The dominant syntax in the Linux domain is naturally the AT&T syntax as Unix was developed at AT&T Bell Labs. For example, GCC, the default compiler of Linux, uses the AT&T syntax by default. However, the dominant syntax in the Windows domain is the Intel syntax.

There are several differences between the two syntaxes. For example, if we want to assign a value to a register using the AT&T syntax, we use the mov instruction:

mov $1, %rax

We assign the value 1 to the rax register in this example. The destination register is specified after the source in the AT&T syntax. We prefix values with a dollar sign, as in $1. Similarly, we prefix registers with a percentage sign, as in %rax.

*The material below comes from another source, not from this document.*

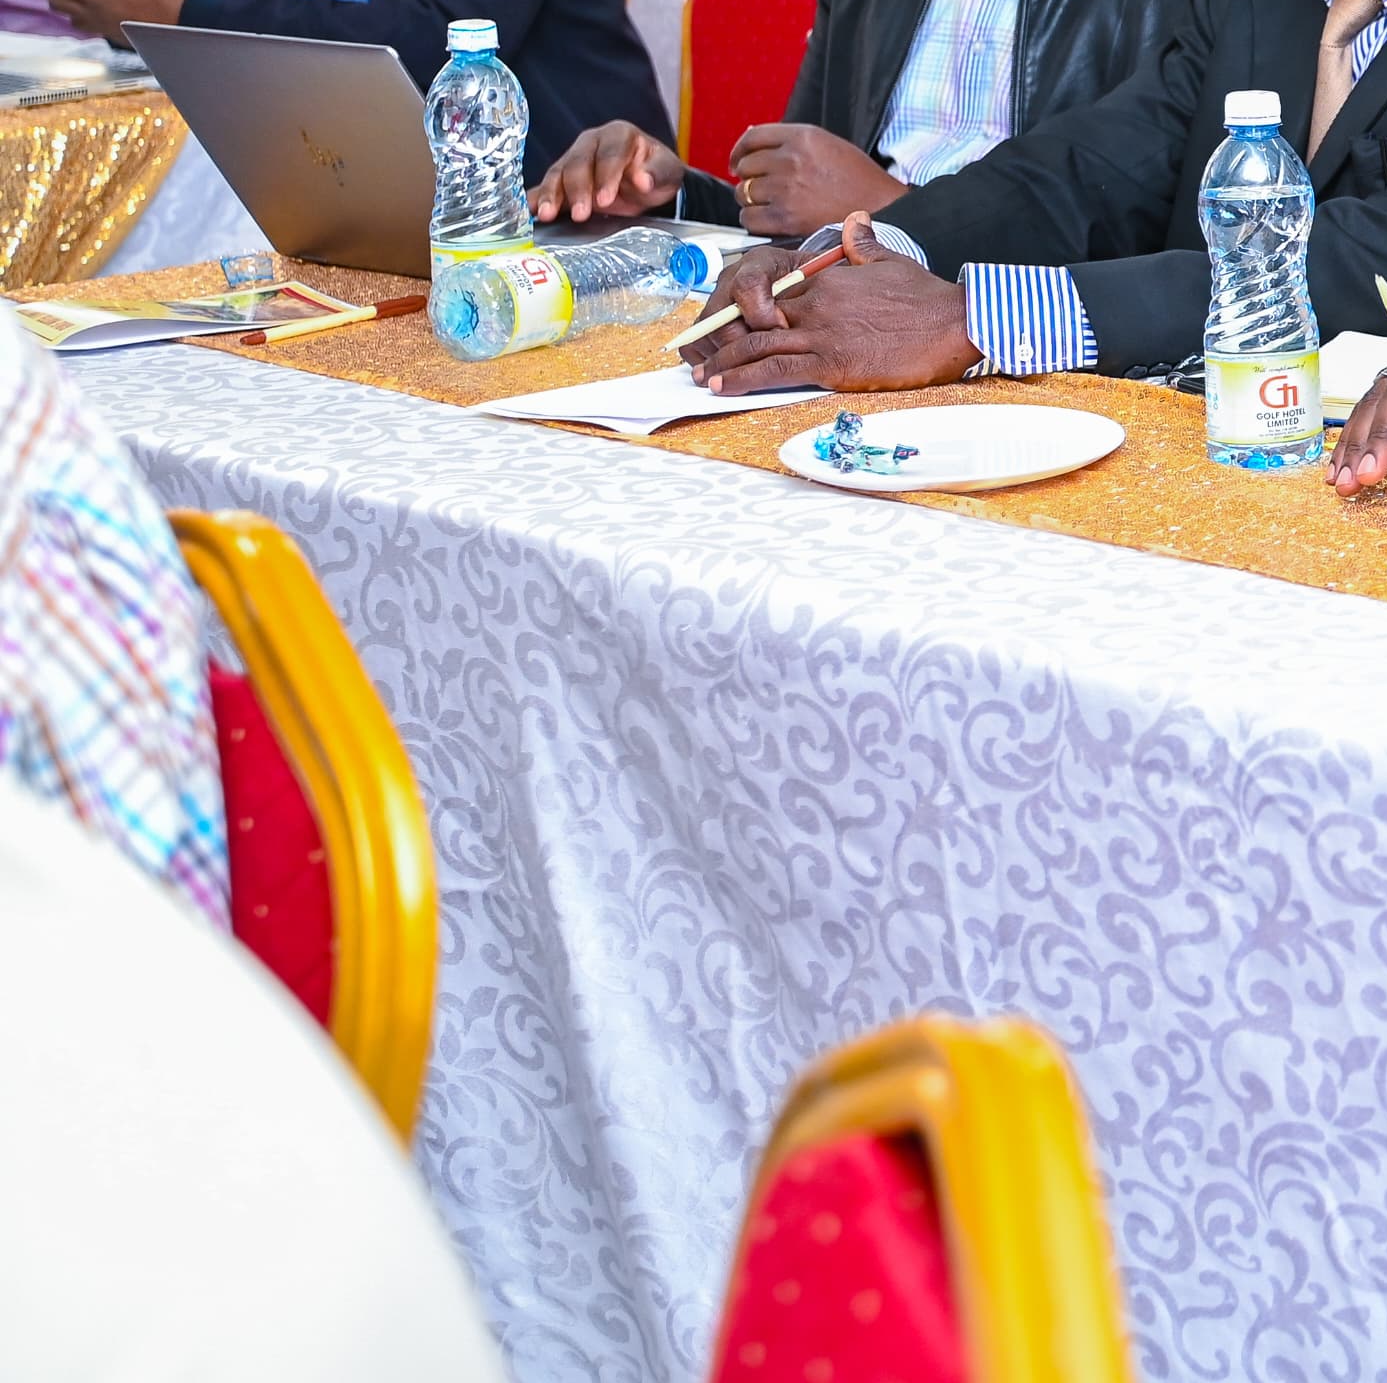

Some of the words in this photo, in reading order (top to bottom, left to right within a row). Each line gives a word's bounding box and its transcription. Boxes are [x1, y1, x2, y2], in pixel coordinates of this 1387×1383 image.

To assign a value to a register using the Intel syntax, we use the mov instruction differently:

mov rax, 1

The order of the operands in the Intel syntax is the opposite of that in the AT&T syntax — the destination register is specified before the source. Additionally, there are no signs prefixed to the values and registers.

3. Using as With the AT&T Syntax

We’ll explore how to use the GNU Assembler, as, in this section to build assembly code using the AT&T syntax. The GNU Assembler supports the AT&T syntax by default. However, it also supports the Intel syntax as we’ll see in the next section.

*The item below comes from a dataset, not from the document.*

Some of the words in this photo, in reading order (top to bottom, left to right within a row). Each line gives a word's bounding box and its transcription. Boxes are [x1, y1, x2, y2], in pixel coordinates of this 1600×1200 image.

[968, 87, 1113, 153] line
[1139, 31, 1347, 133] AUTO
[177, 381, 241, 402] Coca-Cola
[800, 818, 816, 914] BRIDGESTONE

3.1. Example Assembly Code

We’ll use the following assembly code, hello_baeldung_att.asm:

$ cat hello_baeldung_att.asm
.global _start

.section .data
message: .ascii "Hello Baeldung\n"

.section .text
_start:
    mov $1, %rax
    mov $1, %rdi
    mov $message, %rsi
    mov $15, %rdx
    syscall
        
    mov $60, %rax
    mov $0, %rdi
    syscall

This assembly code prints Hello Baeldung and exits with an exit status of 0.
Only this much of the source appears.